● Work item: Below are the records; give again exactly the lines that run from the one with "this 1920×1080 image." through the last line.

● Source records:
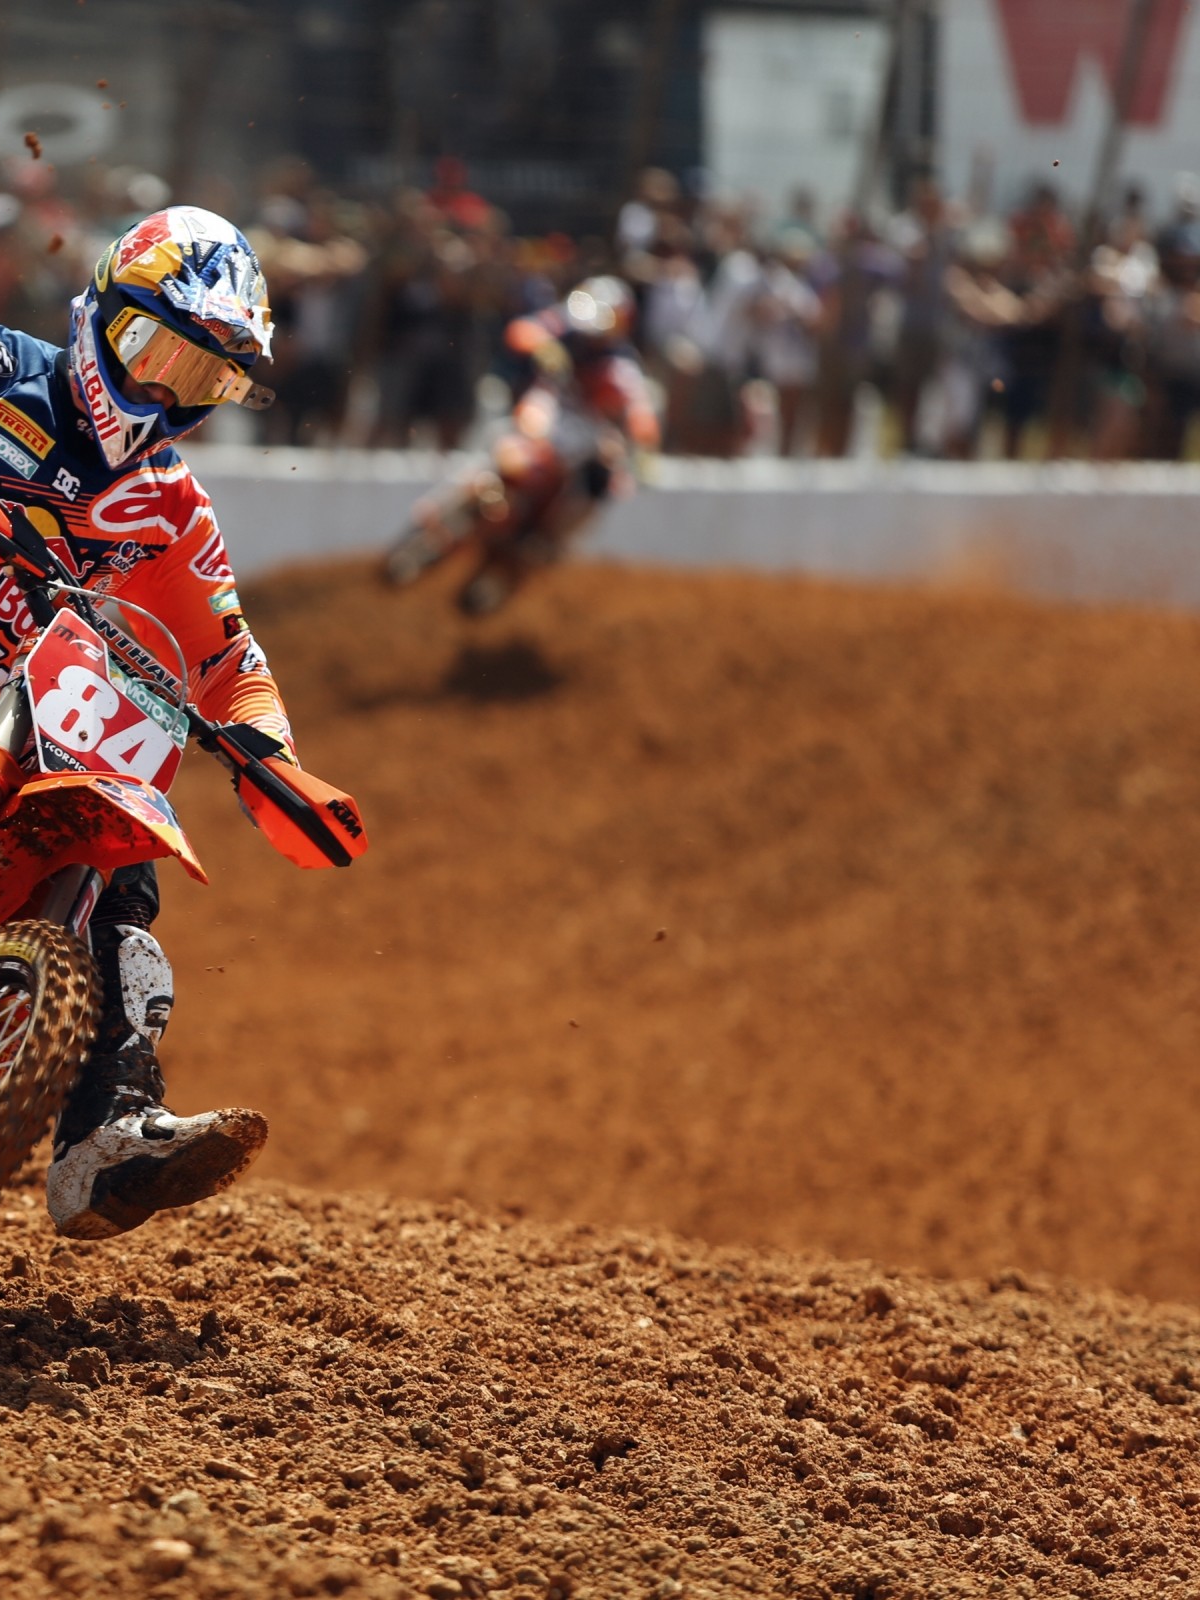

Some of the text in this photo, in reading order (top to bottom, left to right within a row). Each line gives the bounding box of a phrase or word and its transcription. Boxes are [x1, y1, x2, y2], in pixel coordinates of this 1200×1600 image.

[84, 376, 122, 441] Bull
[52, 467, 81, 502] DC
[35, 664, 175, 785] 84
[123, 680, 189, 744] MOTOREX
[44, 740, 88, 772] SCORPIO
[326, 799, 363, 840] KTM
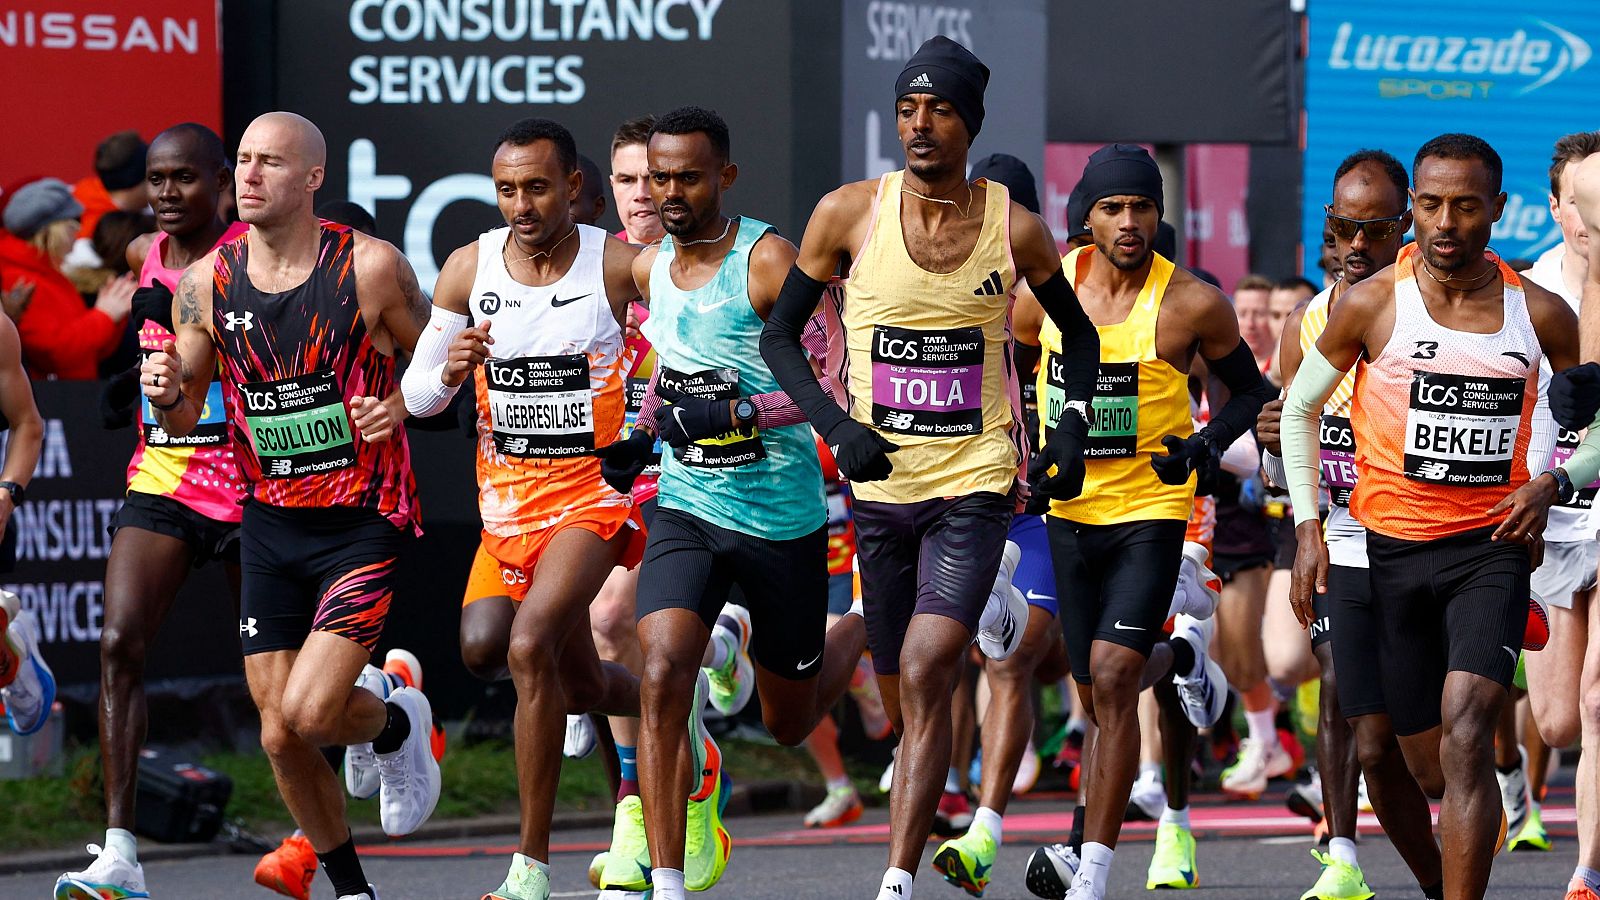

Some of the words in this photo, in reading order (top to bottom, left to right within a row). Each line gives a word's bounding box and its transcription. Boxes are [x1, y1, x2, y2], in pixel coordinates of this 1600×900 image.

[349, 0, 724, 42] CONSULTANCY
[1328, 22, 1553, 75] Lucozade
[349, 55, 586, 104] SERVICES
[1378, 78, 1496, 100] SPORT
[504, 300, 521, 308] NN
[922, 336, 947, 344] TATA
[878, 332, 918, 361] tcs
[922, 343, 978, 353] CONSULTANCY
[922, 353, 959, 361] SERVICES
[528, 362, 552, 370] TATA
[490, 361, 525, 387] tcs
[528, 368, 583, 378] CONSULTANCY
[276, 382, 300, 393] TATA
[529, 378, 564, 387] SERVICES
[684, 382, 732, 393] CONSULTANCY
[1463, 382, 1489, 391] TATA
[278, 383, 332, 401] CONSULTANCY
[889, 376, 965, 407] TOLA
[1417, 377, 1459, 407] tcs
[1462, 391, 1518, 401] CONSULTANCY
[247, 389, 277, 410] tcs
[280, 395, 315, 409] SERVICES
[1462, 400, 1499, 410] SERVICES
[506, 402, 587, 429] GEBRESILASE
[255, 415, 345, 452] SCULLION
[914, 424, 934, 432] new
[935, 423, 973, 433] balance
[1319, 420, 1352, 447] tcs
[187, 435, 220, 444] balance
[1414, 423, 1512, 456] BEKELE
[548, 446, 586, 455] balance
[1091, 447, 1127, 456] balance
[704, 457, 720, 465] new
[720, 452, 756, 464] balance
[294, 465, 312, 474] new
[311, 458, 349, 471] balance
[1448, 474, 1468, 482] new
[1469, 474, 1503, 483] balance
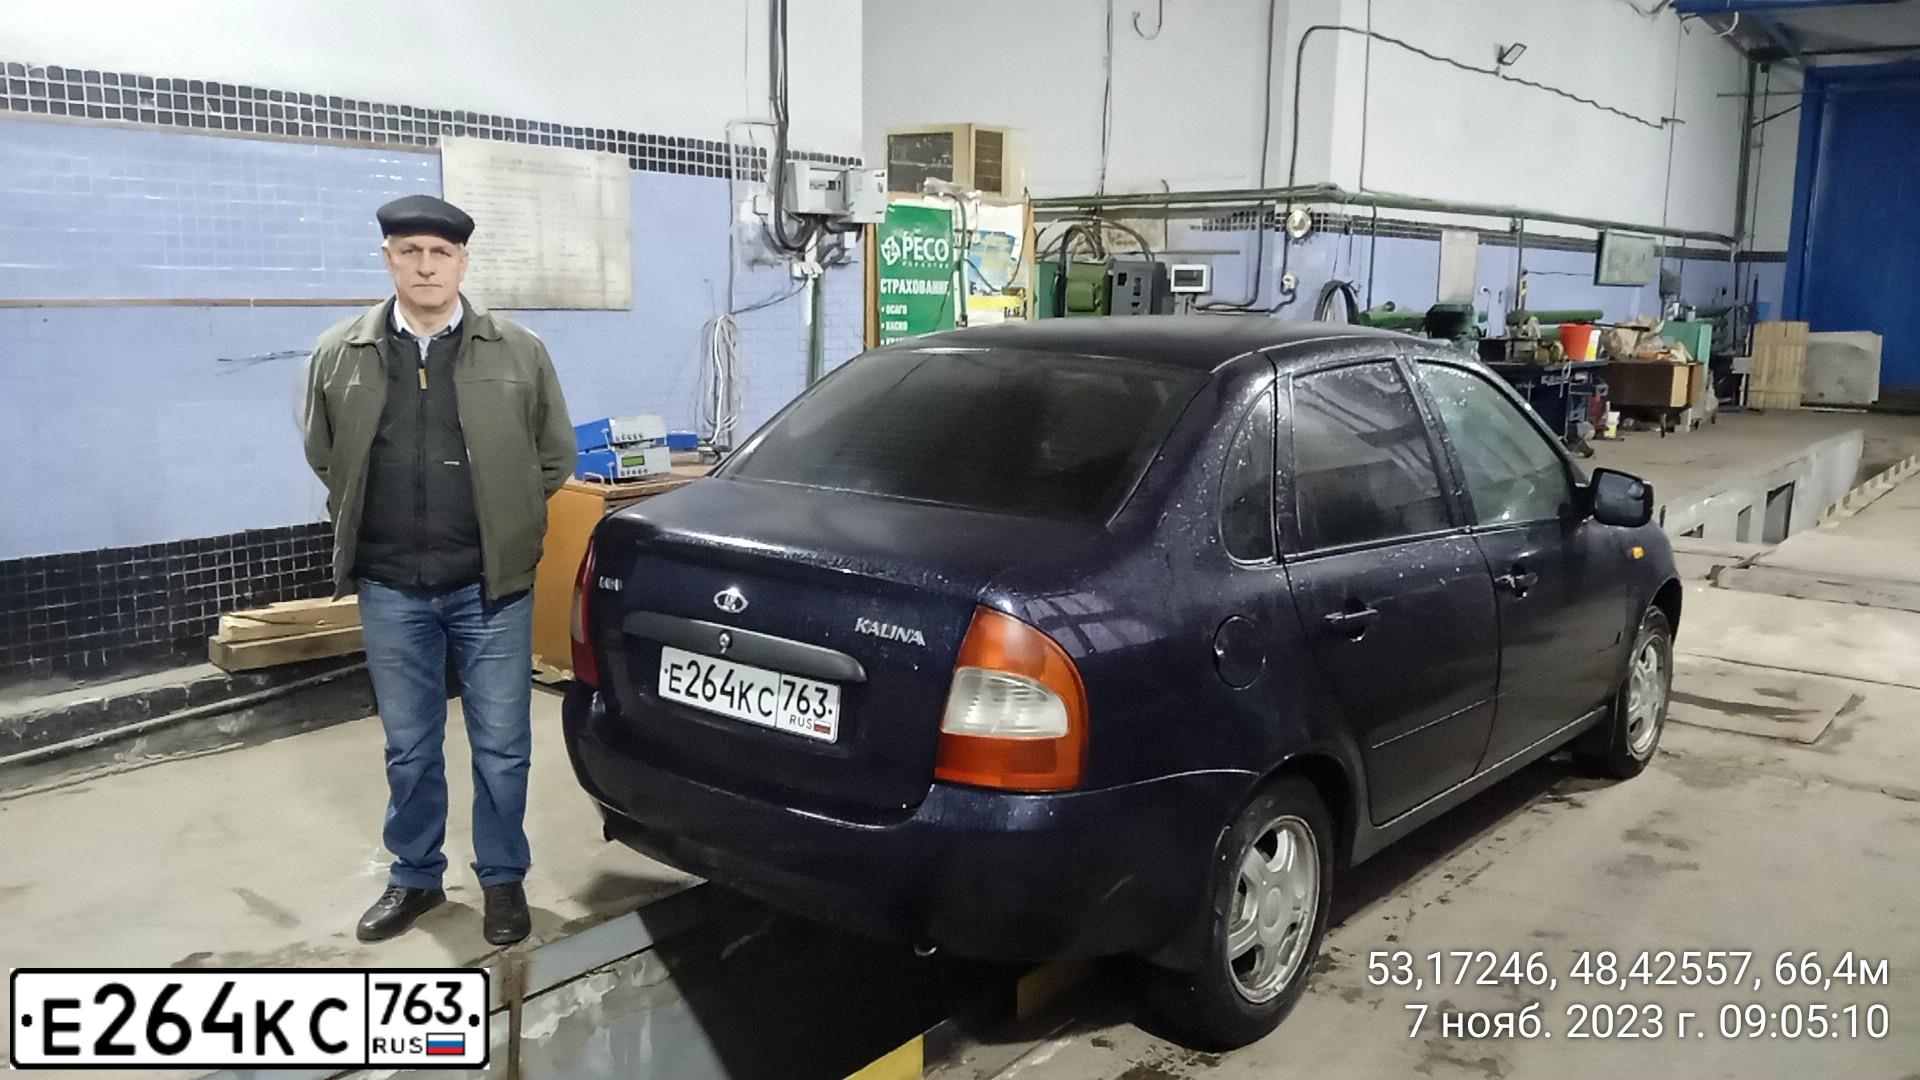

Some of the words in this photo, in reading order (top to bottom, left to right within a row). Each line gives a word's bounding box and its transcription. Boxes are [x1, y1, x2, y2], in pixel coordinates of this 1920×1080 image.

[854, 617, 926, 647] KALINA
[782, 679, 829, 719] 763
[789, 714, 813, 730] RUS

● Exercise output:
Some of the words in this photo, in reading order (top to bottom, left to right within a row). Each line gives a word's bounding box and its transcription. Boxes are [x1, y1, x2, y2], in pixel coordinates of this 1920×1080 image.

[854, 617, 926, 647] KALINA
[782, 679, 829, 719] 763
[789, 714, 813, 730] RUS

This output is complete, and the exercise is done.